* **Required work**: Exclude the images and transcribe the entries below precisely.

* **Data to use**:
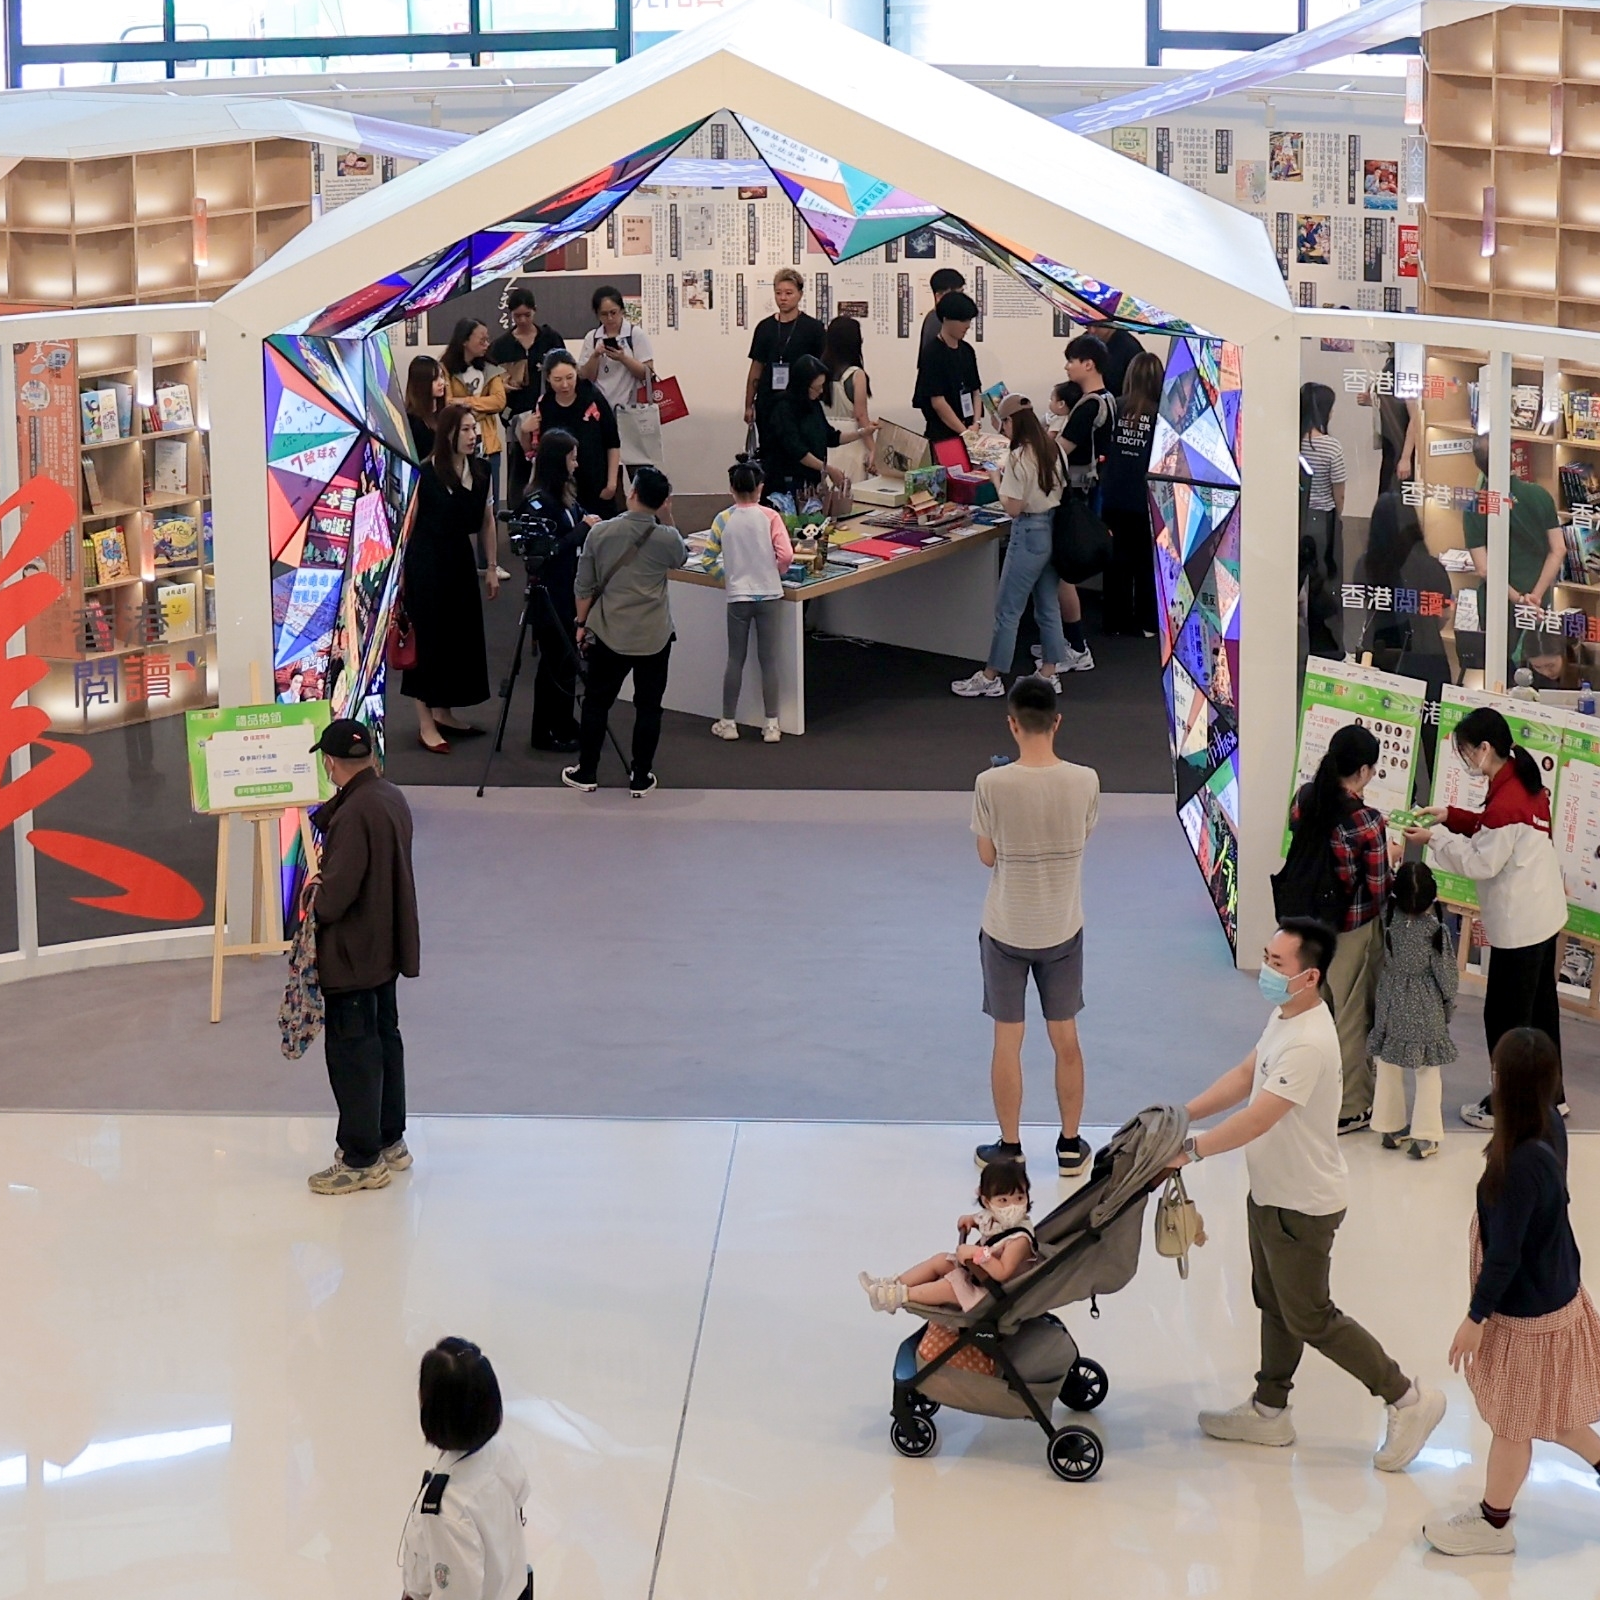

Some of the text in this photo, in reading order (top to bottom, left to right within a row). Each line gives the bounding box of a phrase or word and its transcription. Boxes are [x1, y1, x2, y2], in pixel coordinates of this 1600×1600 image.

[1342, 368, 1447, 402] 香港閱讀
[1118, 419, 1151, 432] BETER
[1122, 428, 1144, 439] WITH
[1117, 435, 1148, 448] EDCITY
[290, 446, 338, 473] 7號球衣
[320, 487, 357, 512] 一本書
[1400, 480, 1504, 518] 香港閱讀
[1340, 582, 1445, 619] 香港閱讀
[72, 598, 170, 653] 香港
[73, 654, 172, 713] 閱讀
[235, 711, 283, 728] 禮品換領
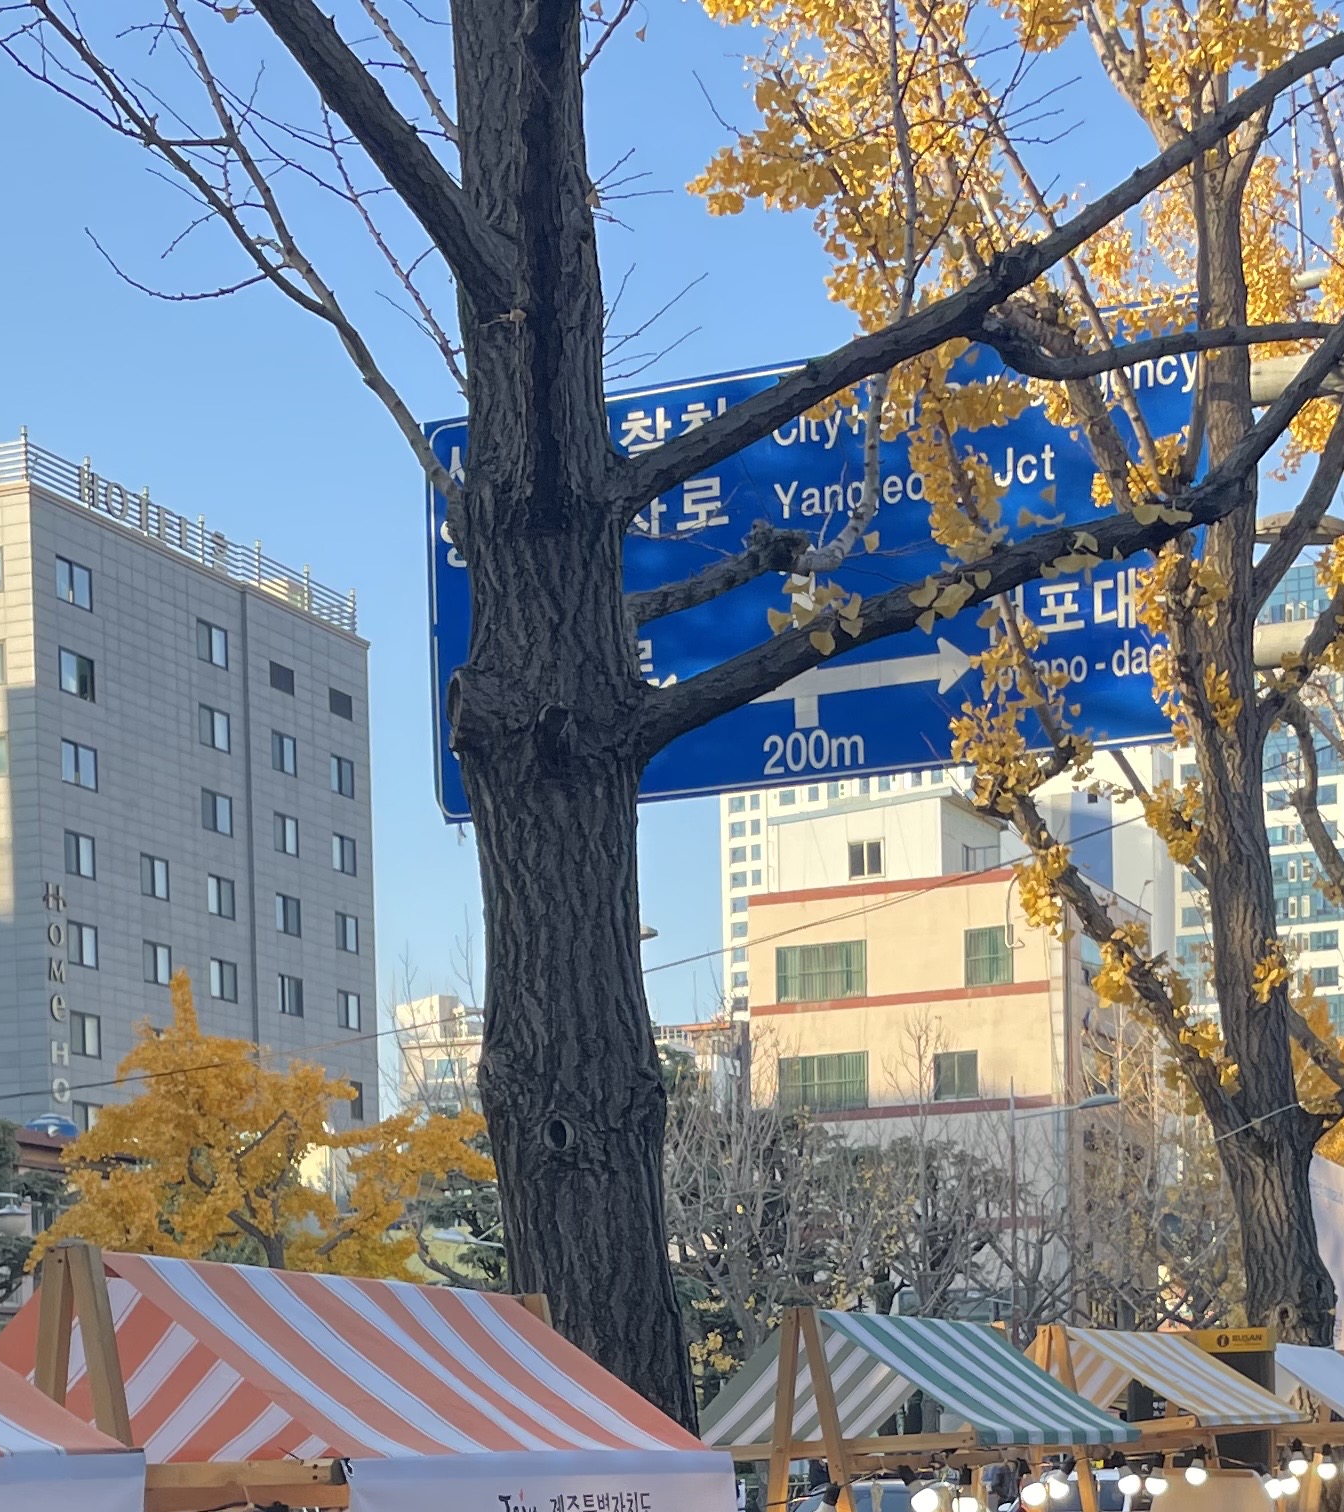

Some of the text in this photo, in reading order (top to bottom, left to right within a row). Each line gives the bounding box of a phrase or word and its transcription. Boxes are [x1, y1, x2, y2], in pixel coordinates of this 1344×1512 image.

[79, 465, 188, 550] HOTEL
[773, 468, 948, 521] Yangeo
[995, 444, 1056, 488] Jct
[763, 729, 866, 776] 200m
[1232, 1333, 1263, 1342] BUSAN
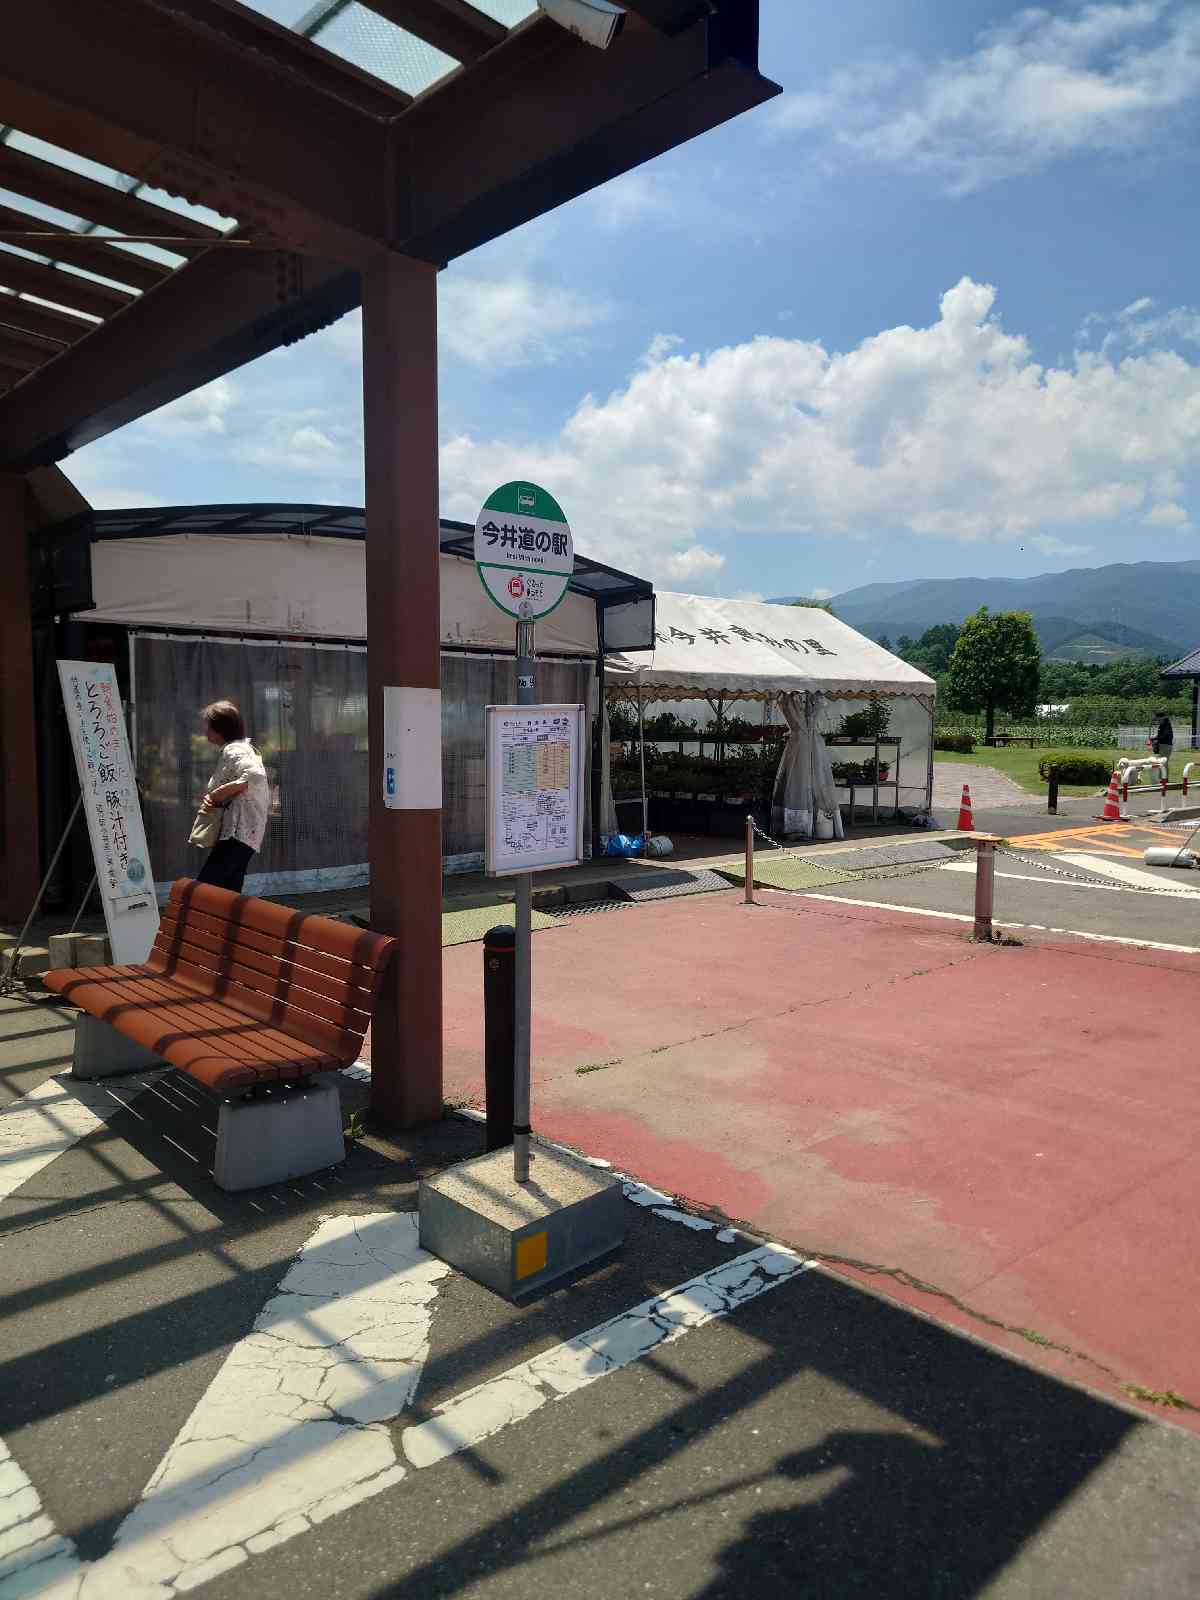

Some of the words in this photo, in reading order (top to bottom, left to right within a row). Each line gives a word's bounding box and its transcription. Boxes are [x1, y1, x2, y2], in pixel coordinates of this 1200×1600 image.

* **Response area**:
Some of the text in this photo, in reading order (top to bottom, left to right within a row). Each line gives the bounding box of a phrase or word and its transcription. Boxes are [x1, y1, x2, y2], in pixel coordinates of this 1600×1600 image.

[1342, 368, 1447, 402] 香港閱讀
[1118, 419, 1151, 432] BETER
[1122, 428, 1144, 439] WITH
[1117, 435, 1148, 448] EDCITY
[290, 446, 338, 473] 7號球衣
[320, 487, 357, 512] 一本書
[1400, 480, 1504, 518] 香港閱讀
[1340, 582, 1445, 619] 香港閱讀
[72, 598, 170, 653] 香港
[73, 654, 172, 713] 閱讀
[235, 711, 283, 728] 禮品換領

Some of the text in this photo, in reading order (top to bottom, left to right within a row). Each line gives the bounding box of a phrase or word and its transcription. Boxes are [x1, y1, x2, y2], in pixel coordinates of this 1344×1512 image.

[79, 465, 188, 550] HOTEL
[773, 468, 948, 521] Yangeo
[995, 444, 1056, 488] Jct
[763, 729, 866, 776] 200m
[1232, 1333, 1263, 1342] BUSAN

Some of the words in this photo, in reading order (top to bottom, left to right within a row). Each line gives a word's bounding box and its transcription. Boxes are [x1, y1, x2, y2], in pixel coordinates of this 1200×1600 image.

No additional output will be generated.